"Dimakan, Gwen. Jangan dilihatin aja."
Denting dari sendok yang diketuk-ketukkan di pinggir piring, seketika menyadarkan Gwen dari lamunannya. Ia pun melepaskan dagunya yang bertumpu pada tangan, lantas meraih sendok yang bersebelahan dengan nasi goreng buatan sang Papa. Sementara pria tersebut mengambil tempat kosong yang berhadapan dengan Gwen, tanpa melepaskan celemek yang masih melilit tubuhnya.
"Semalem kenapa kamu balik lagi ke rumah sakit, Gwen?"
Sembari menyendok nasi gorengnya yang lumayan berhasil pagi ini, Papa Gwen memulai pembicaraan. Ditatapnya sang putri dengan setitik rasa penasaran, bertentangan dengan Gwen yang langsung menghela napasnya yang berat, "Ada pasien yang kabur, Pah. Jadi, aku harus nyari dia dulu."
"Kok, bisa kabur? Kaburnya kemana?"
"Ya, biasa, deh. Dia bisa nyusup keluar karena punya baju cadangan selain seragam rumah sakit. Terus dia kabur ke...-"
"Dug!"
"S-sakit..."
"J-jangan tinggalin saya... Dokter Gwen..."
Tanpa Gwen sadari, kalimatnya terputus begitu saja. Erangan sakit dan bayang-bayang Rayn yang memegangi kepala kini berputar di dalam ingatan. Dan hal tersebut berimbas pada keheningan yang mengambil alih suasana, serta dirinya yang meletakkan sendoknya kembali ke tempat semula.

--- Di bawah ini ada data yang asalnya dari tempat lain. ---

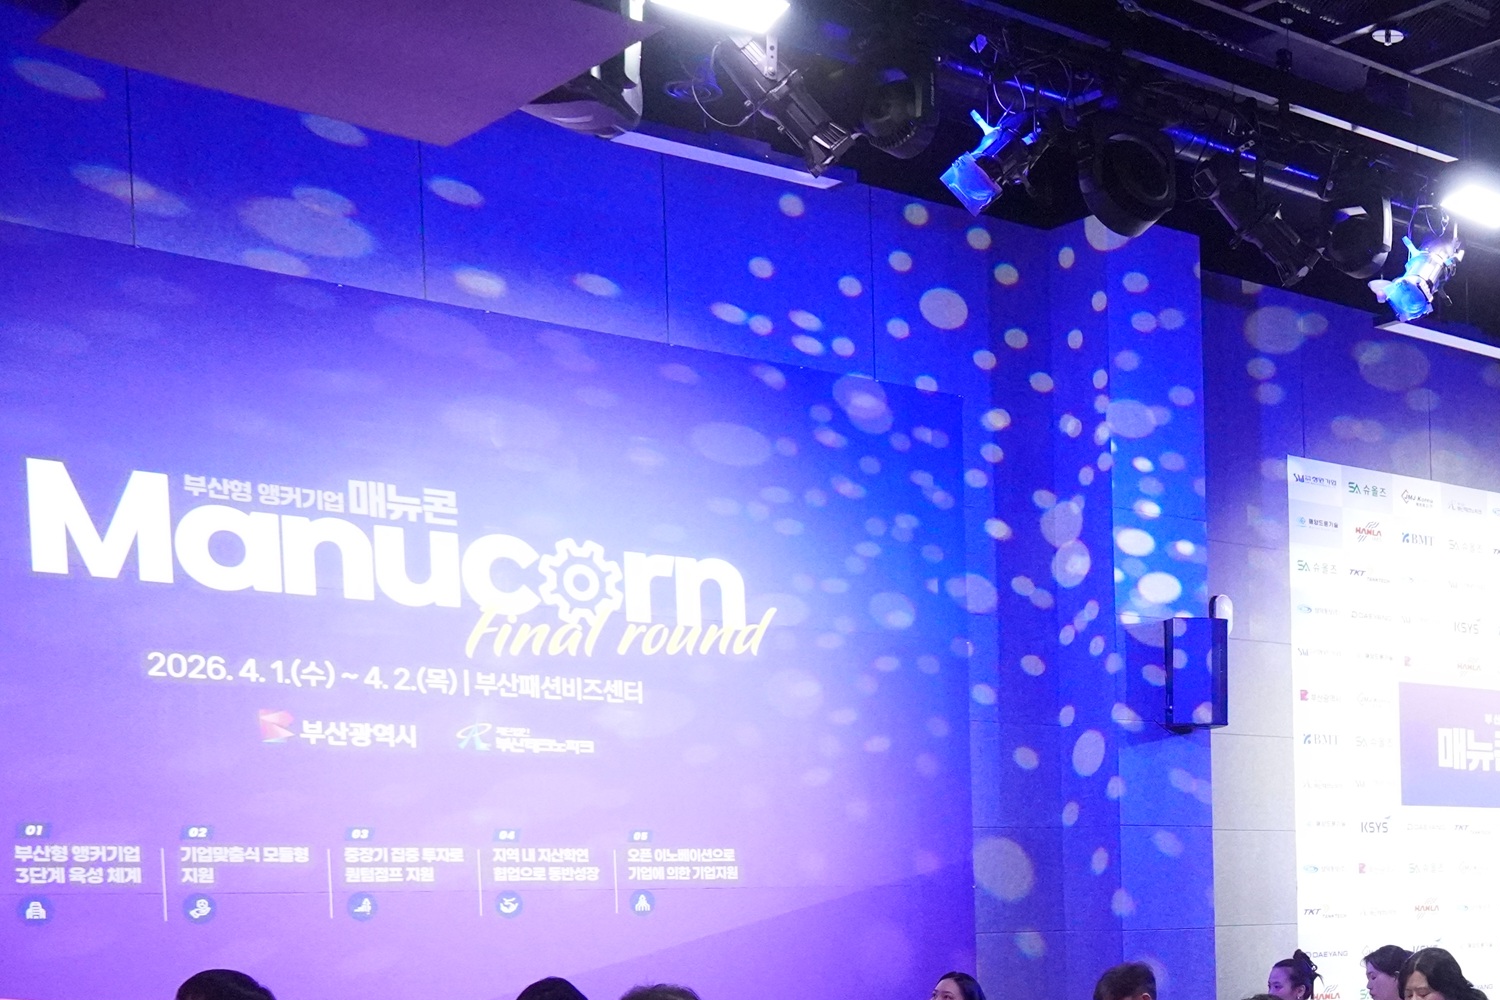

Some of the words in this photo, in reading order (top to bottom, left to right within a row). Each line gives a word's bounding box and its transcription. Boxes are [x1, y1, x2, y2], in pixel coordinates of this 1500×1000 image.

[183, 474, 252, 502] 부산형
[257, 483, 344, 513] 앵커기업
[348, 479, 458, 526] 매뉴콘
[1411, 534, 1433, 546] BMT
[1349, 568, 1366, 577] TKT
[616, 606, 777, 657] round
[1454, 621, 1479, 635] KSYS
[147, 651, 234, 682] 2026.
[238, 658, 266, 683] 4.
[475, 671, 644, 704] 부산패션비즈센터
[300, 720, 418, 749] 부산광역시
[25, 825, 43, 836] 01
[188, 827, 208, 838] 02
[1361, 821, 1388, 833] KSYS
[15, 845, 68, 862] 부산형
[71, 845, 140, 862] 앵커기업
[15, 867, 66, 884] 3단계
[69, 867, 104, 884] 육성
[107, 867, 142, 884] 체계
[181, 867, 215, 884] 지원

Tidak hanya itu, ia yang tiba-tiba berhenti menjawab, juga memancing perhatian Papanya yang menatapnya ditemani kening yang mengkerut dalam. "Ke...?"
Semakin didesak begitu, Gwen semakin tidak mampu mengenyahkan ingatan mengenai Rayn semalam. Perasaan bersalah pun turut mengambangi hatinya sehingga menyebabkan ia merasa tidak nyaman. Alih-alih menuntaskan rasa penasaran Papanya, Gwen justru lebih memilih untuk bangkit dari kursinya lantas memakai tas selempangnya. Sebab, ia tidak mau memulai harinya dengan hati yang tidak nyaman akibat rasa bersalah.
"Pah, Gwen bungkus aja, ya, nasi gorengnya. Nanti Gwen makan di rumah sakit, kok. Soalnya ada jadwal check-up pasien jam delapan, nih. Takut telat."
Tentu saja Gwen berbohong. Maka dari itu, untuk menutupi kebohongannya, ia segera membawa piring nasi gorengnya yang masih utuh ke dapur. Berpura-pura sibuk memindahkan nasi gorengnya ke dalam tempat makan, ia pun mengabaikan lirikan mendelik yang Papanya tujukkan pada punggungnya.
"S-sakit..."
"J-jangan tinggalin saya... S-sakit..."
"Dokter Gwen... j-jangan tinggalin saya..."
Ceklek!
Ketika tangannya mengeratkan tutup tempat makan, mata Gwen turut terpejam dengan erat. Ia benar-benar muak jika terus dihantui bayang-bayang Rayn yang kesakitan karena ulah kasarnya semalam. Namun, entah mengapa, Gwen seakan tidak punya kuasa untuk mengontrol apa yang harusnya otaknya lakukan. Belum lagi perasaan bersalahnya yang semakin menjadi-jadi dan rasanya sangatlah menyiksa.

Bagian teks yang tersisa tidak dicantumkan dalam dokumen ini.